The world’s third case of glyphosate resistant liverseed grass has been confirmed in northern New South Wales, seven years after the first two cases were confirmed from east of Moree. The latest infestation comes from a mixed cropping farm near Gunnedah and adds to the concern of almost 100 confirmed cases of glyphosate resistant barnyard grass populations in this region.
“While this is only the third confirmed case of glyphosate resistant liverseed grass in seven years, it comes from a new area and has a much higher level of resistance than previous populations,” stated Tony Cook, Technical Specialist (Weeds) with NSW Department of Primary Industries. “This population is widespread on the farm in question, but like most summer grasses occurs in patches.”
The farmer suspected he had a problem about three years ago, but has been able to control it in cotton with Group A selective grass herbicides. His main worry has been that it was on the irrigation head ditches where the seed could spread across his irrigation. Also being on a flood plain, he is worried about weed spread between farms.
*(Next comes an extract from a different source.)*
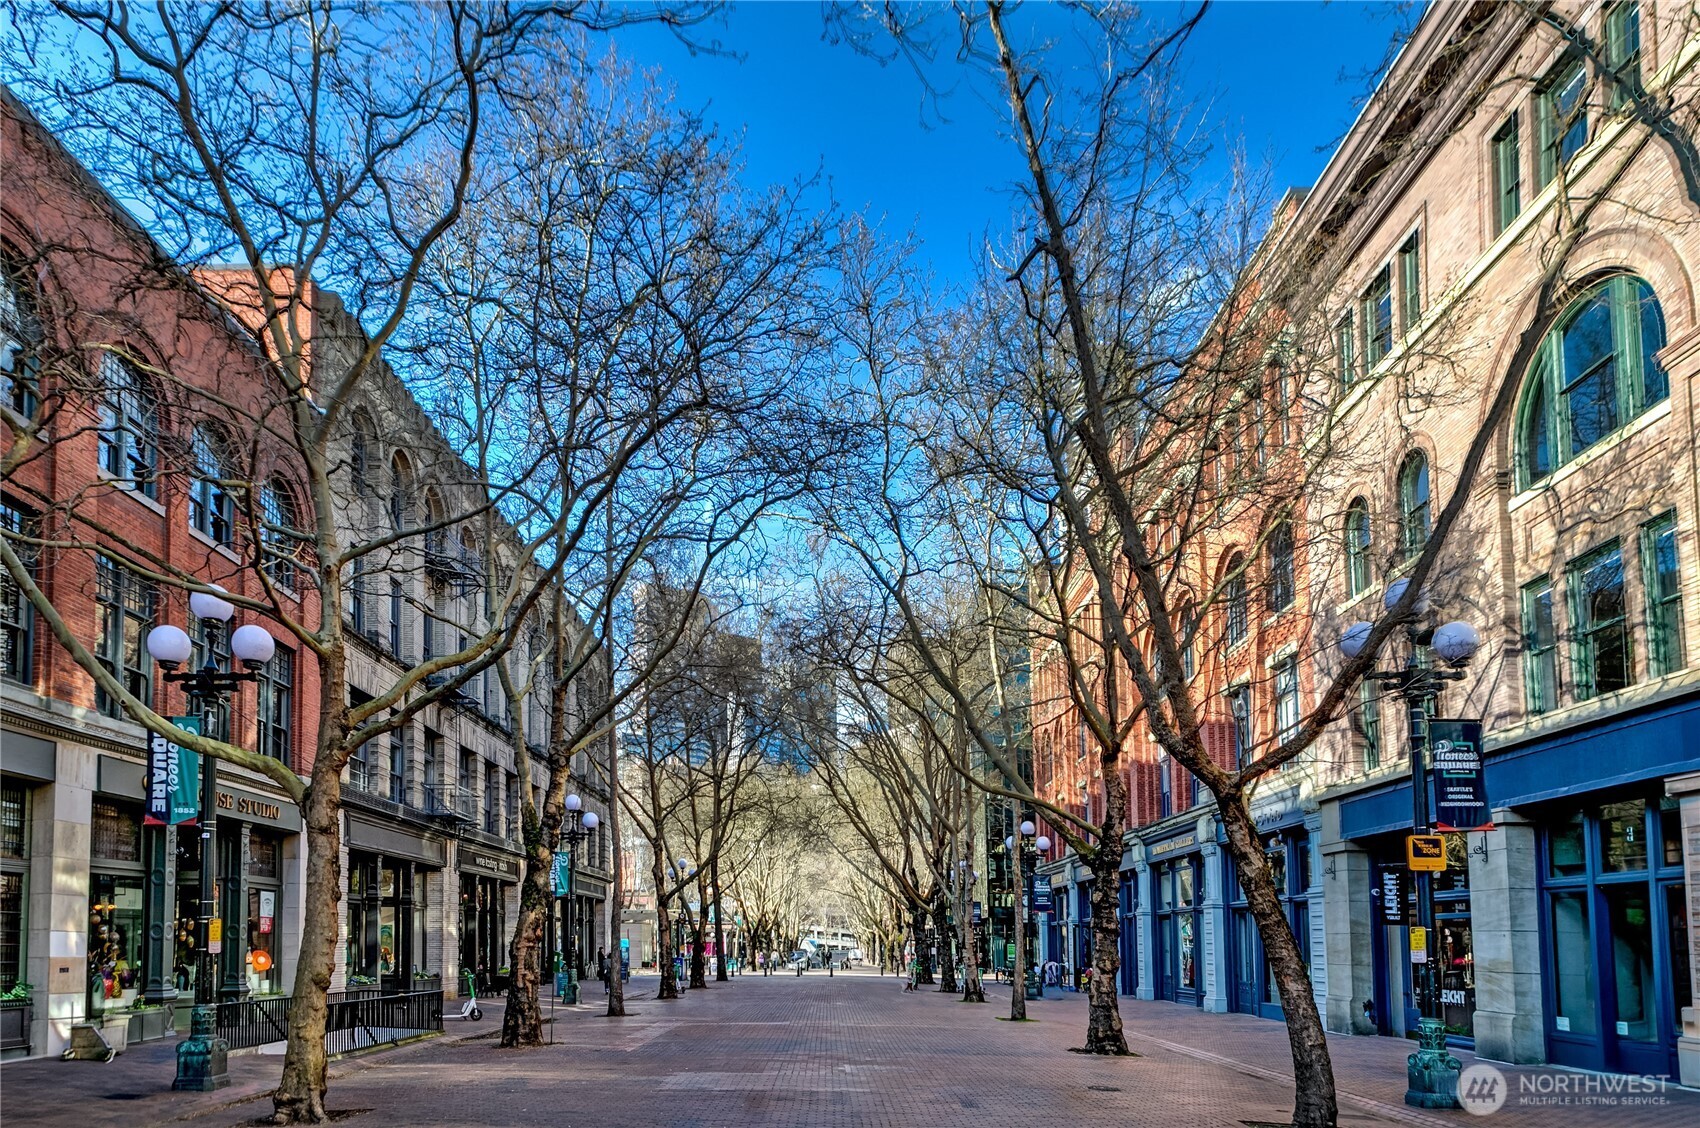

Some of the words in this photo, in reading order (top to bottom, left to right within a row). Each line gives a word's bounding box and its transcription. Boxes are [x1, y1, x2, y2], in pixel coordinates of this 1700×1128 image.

The farm is on the Liverpool Plains, an area made famous in 1998 with the discovery of the first broadacre cases of glyphosate resistant annual ryegrass.
“Glyphosate resistant ryegrass is found all across the southern sections of the Liverpool Plains and farmers are managing to live with it,” says Mr Cook. “The problem is summer grasses are usually harder to control due to heat and moisture stress and the short time needed to set viable seed, so you really need to be on the ball with your spraying operations.
“We are going to sit down with the farmer and his agronomist to develop an integrated weed management plan to get on top of the liverseed grass. This will also assist in preventing the same thing happening with barnyard grass, which is a much tougher weed problem.”
One thing in the favour of farmers managing liverseed grass is that over 95 per cent germinates in one flush in mid spring, which is probably a major reason it has taken seven years to find another population. Barnyard grass on the other hand will germinate from September to April, making control on-going and extremely difficult.
“The advantage Liverpool Plains farmers have is quite a few rotational options that allow switching between winter and summer fallows and using broadleaf summer crop like sunflowers and mung beans, which in turn allows different planting times and use of a range herbicide modes-of-action. Planting these after the main liverseed germination flush in October allows you to control summer grasses with paraquat and pre-emergent herbicides before sowing. Any escapes can be controlled with selective grass herbicides in-crop.”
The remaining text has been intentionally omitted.